# Best Practices for Training Your AI

## Interactive Guide

{% embed url="<https://app.arcade.software/share/6ir8iJcPaoA6Qp2iu2tm>" %}

## Section A: Files(PDF, TXT, DOCX)

This section explains how to format and structure your content in PDF, Word (DOCX), and Text (TXT) formats so it can be properly trained into your AI bot for high-quality responses.

#### 🧱 Structuring Your Content

**1. One Topic per Paragraph**

* Stick to one idea per paragraph
* Keep it **under 800 characters** (including spaces)
* Always use complete sentences and correct punctuation

> ✅ Good:
>
> “The pricing model includes three plans: Basic ($29), Pro ($99), and Enterprise ($199). Each offers different features depending on user needs.”

> ❌ Bad:
>
> “Pricing has options. Go to website.”

**2. ✂️ Splitting Long Topics**

If a topic is too long, break it into two or more logical parts using the same heading or theme.

> ✅ Good:
>
> **Main Heading (Part1):** First part
>
> (around 400 characters) with one context
>
> **Main Heading (Part2):** Second part (around 400 characters) with a different but related context

> ❌ Bad:
>
> **Main Heading:** Very long explanation covering multiple ideas in one block without splitting or clarity.

#### 📄 Format-Specific Guidelines

**✅ PDF, DOCX, TXT – Formatting Rules**

* Use **clear section headings** to define topics
* Avoid decorative styles (fonts/colors don’t help the AI)
* Use simple formatting: paragraphs, bullet lists, numbered points

**❌ Don’t Include:**

* Images
* Tables with merged cells
* Decorative graphics or background colors
* Page numbers or headers/footers that repeat unnecessarily

***

#### 📏 Writing Style Guidelines

| Rule              | Description                            | Example                                                |
| ----------------- | -------------------------------------- | ------------------------------------------------------ |
| Be Specific       | Mention exact processes, values, names | “We offer 24/7 live chat support.”                     |
| Use Examples      | Add clear examples wherever possible   | “For example, the ‘Basic’ plan includes...”            |
| Write Directly    | Use short, clear sentences             | “To reset your password, click ‘Forgot Password’.”     |
| Make Things Clear | Never write “etc.” or “many things”    | “Supports up to 100 users.” not “Supports many users.” |

***

#### ❌ What to Avoid

| Mistake                          | Why It's a Problem                              |
| -------------------------------- | ----------------------------------------------- |
| Mixing topics in one paragraph   | Reduces precision during training               |
| Listing unrelated items together | Affects context accuracy                        |
| Including images or charts       | AI doesn’t process them                         |
| Embedding FAQs in the main file  | FAQs must be added separately for best training |

***

#### 🧠 What to Do When You're Not Sure About Format

When unsure about structure, follow this fallback rule:

> “One paragraph = One point = Under 800 characters”

If you have longer paragraphs, the system will break into parts them.
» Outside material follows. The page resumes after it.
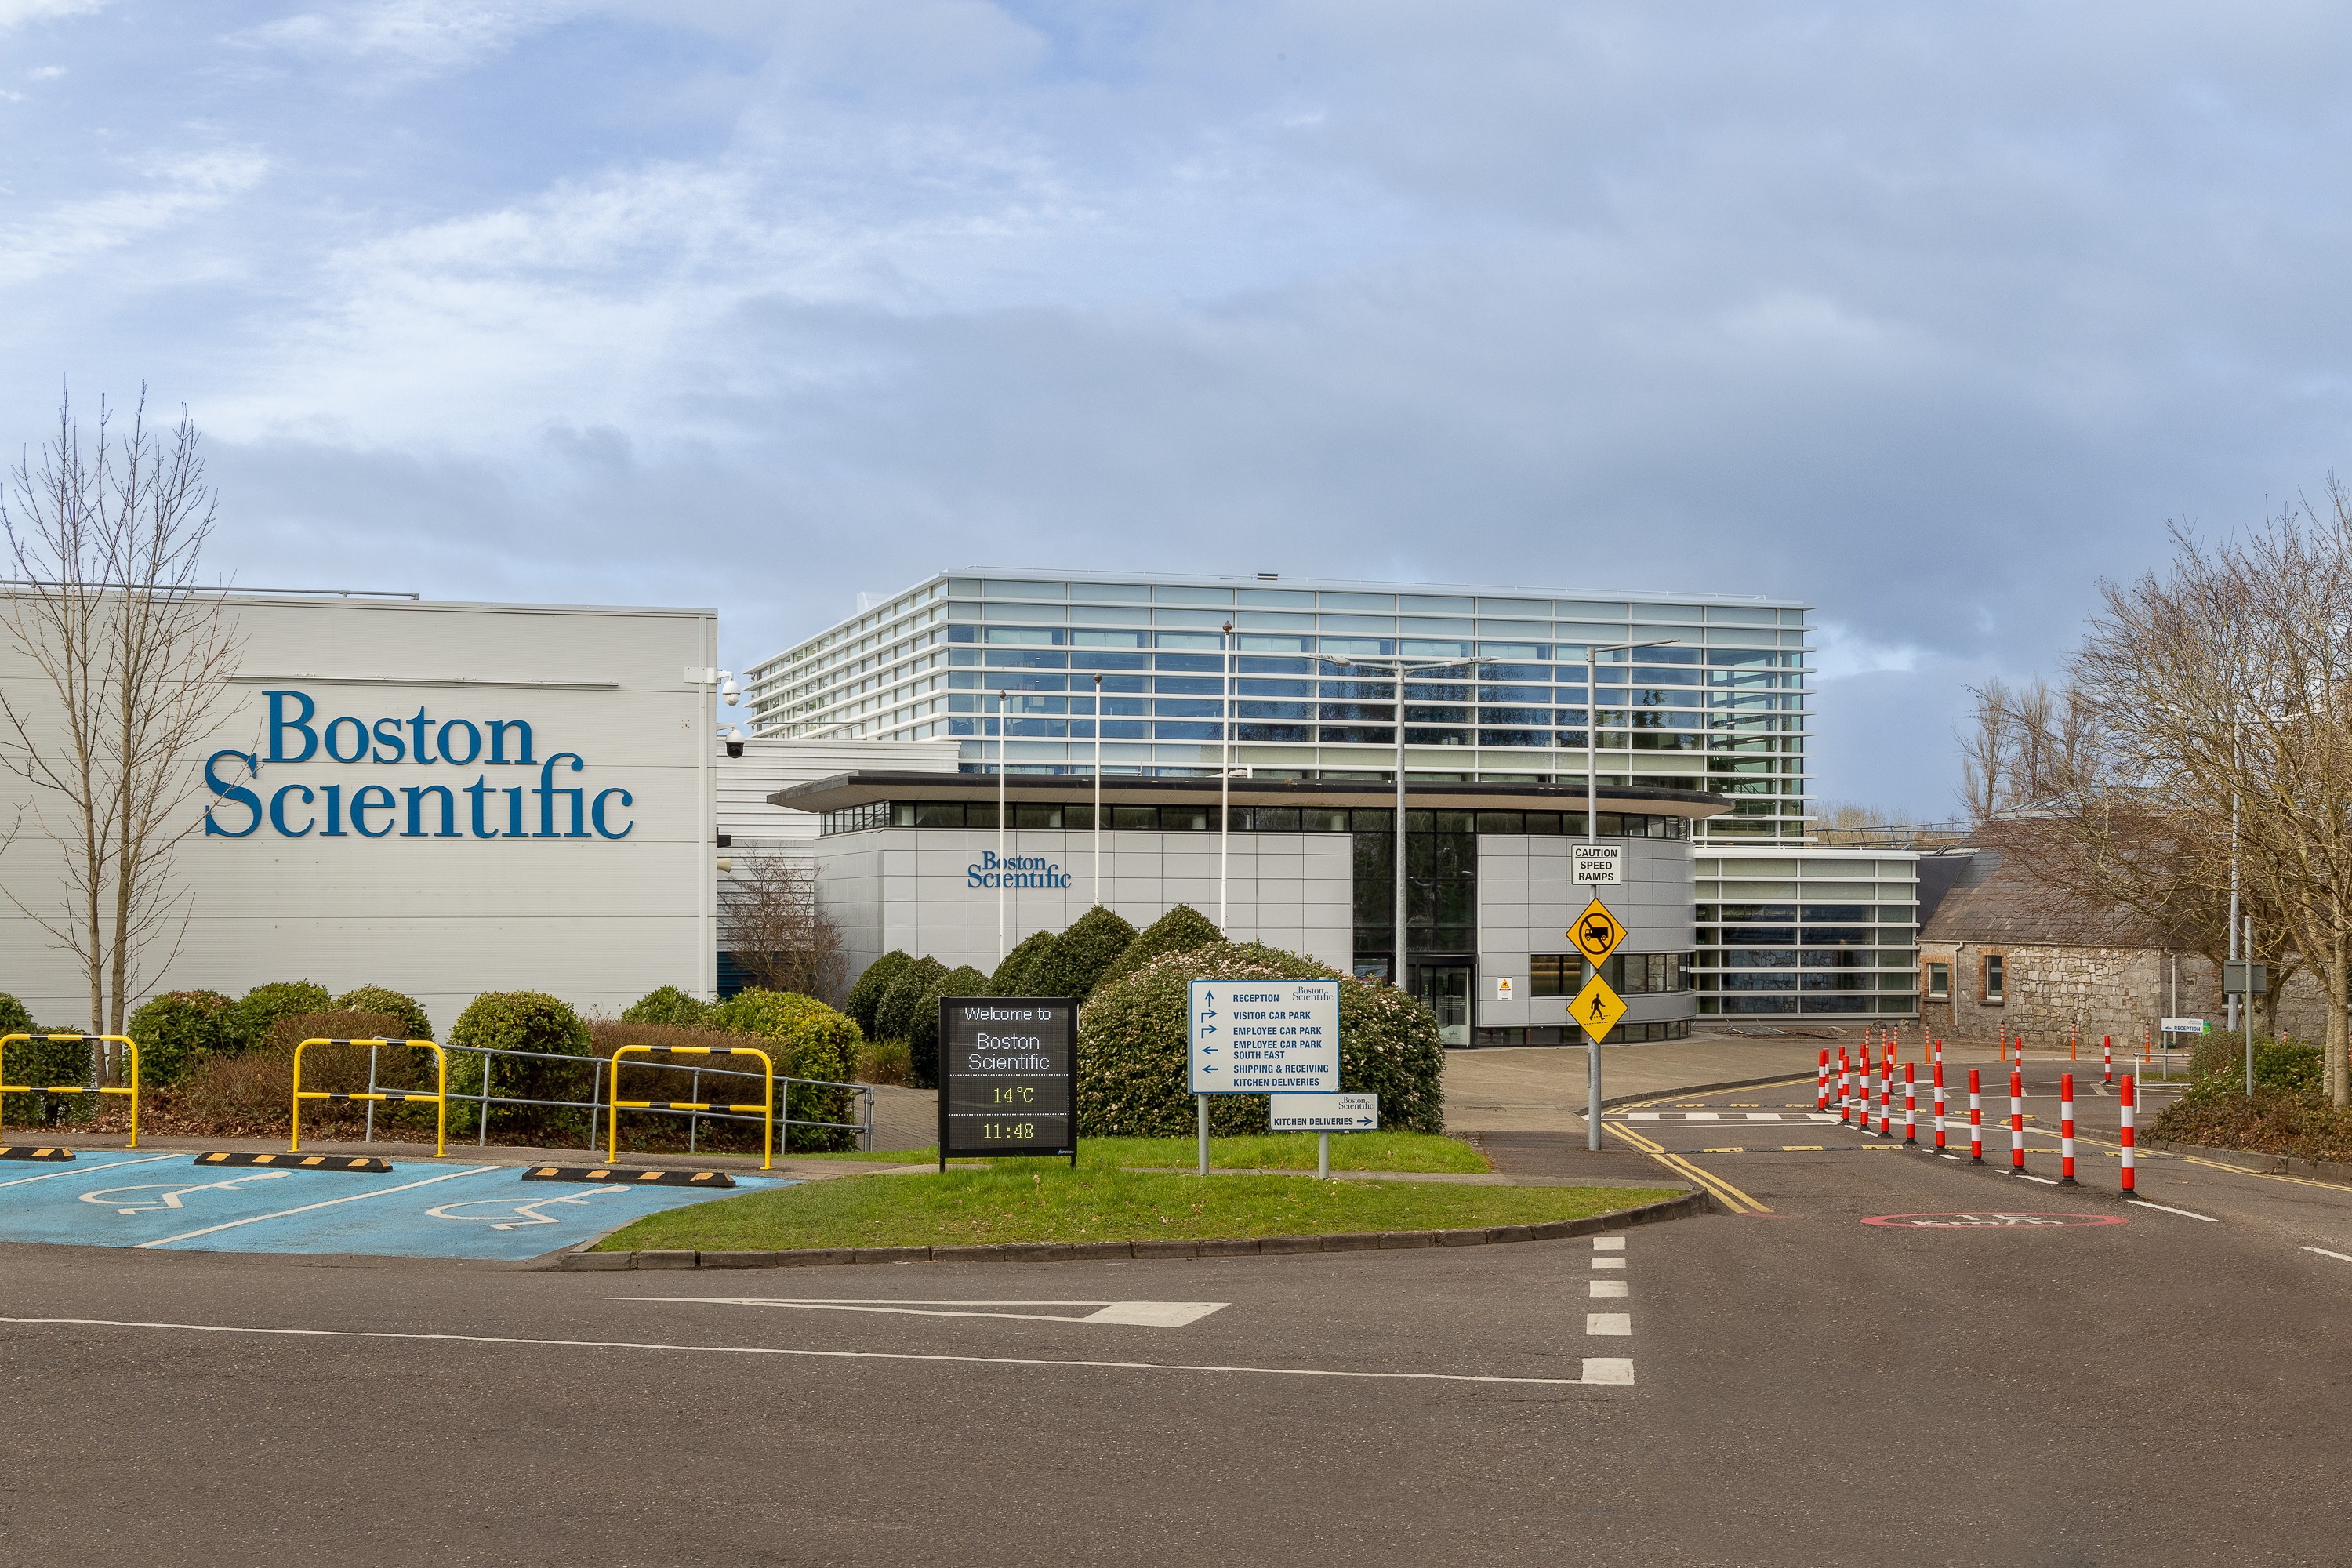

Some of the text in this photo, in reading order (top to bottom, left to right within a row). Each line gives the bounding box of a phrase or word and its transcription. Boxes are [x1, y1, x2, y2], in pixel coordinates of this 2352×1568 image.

Just make sure they’re well-written.

***

#### 🪜 How to Make Answers Better

Keep in mind that each paragraph becomes a reference block. It’s better to have **30 well-written, focused paragraphs** than 5 long paragraphs.

> ✅ Clear and focused content → Fast and accurate answers
>
> ❌ Bulky, unstructured content → Confused or generic bot responses

***

## Section B: FAQ's Training

This section explains how to prepare FAQs in a structured and clear format for training AI bots or building knowledge bases. It ensures your questions and answers are professional, consistent, and easy for the system to understand.

#### 🧱 Structure & Format Guidelines:

* **Question Format:**
  * Maximum length: 200 characters
  * Always write the full question clearly (not just a keyword or phrase)
  * Avoid starting with lowercase or always write the full form first
* **Answer Format:**
  * Maximum length: 500 characters
  * Use complete, grammatically correct sentences
  * Keep it direct, factual, and useful

***

#### 📊 Quick Summary Table:

| Aspect              | Guideline                                    |
| ------------------- | -------------------------------------------- |
| Max Question Length | 200 characters                               |
| Max Answer Length   | 500 characters                               |
| Writing Tone        | Clear, professional, factual                 |
| Abbreviation Use    | Full form first, abbreviation in parentheses |
| File Upload Limit   | Max 200 FAQs per category (split if needed)  |

***

#### ❌ What to Avoid:

* Using only abbreviations (e.g., "CEO") without explanation
* Mixing more than one question or topic in a single entry
* Using vague or generic questions
* Submitting over 200 FAQs in one CSV without splitting
* Including emojis, incomplete sentences, or slang

***

#### ✅ Examples of Good and Bad Practices:

* ❌ *Who is ceo of sml isuzu?*
* ❌ *Who is the Chief Executive officer of sml isuzu?*
* ✅ *Who is the Chief Executive Officer (CEO) of SML Isuzu?*

***

#### 📔 Two Ways to Train Using FAQ:

#### 1. Type Manually in Dashboard

You can directly enter questions and answers into the dashboard interface.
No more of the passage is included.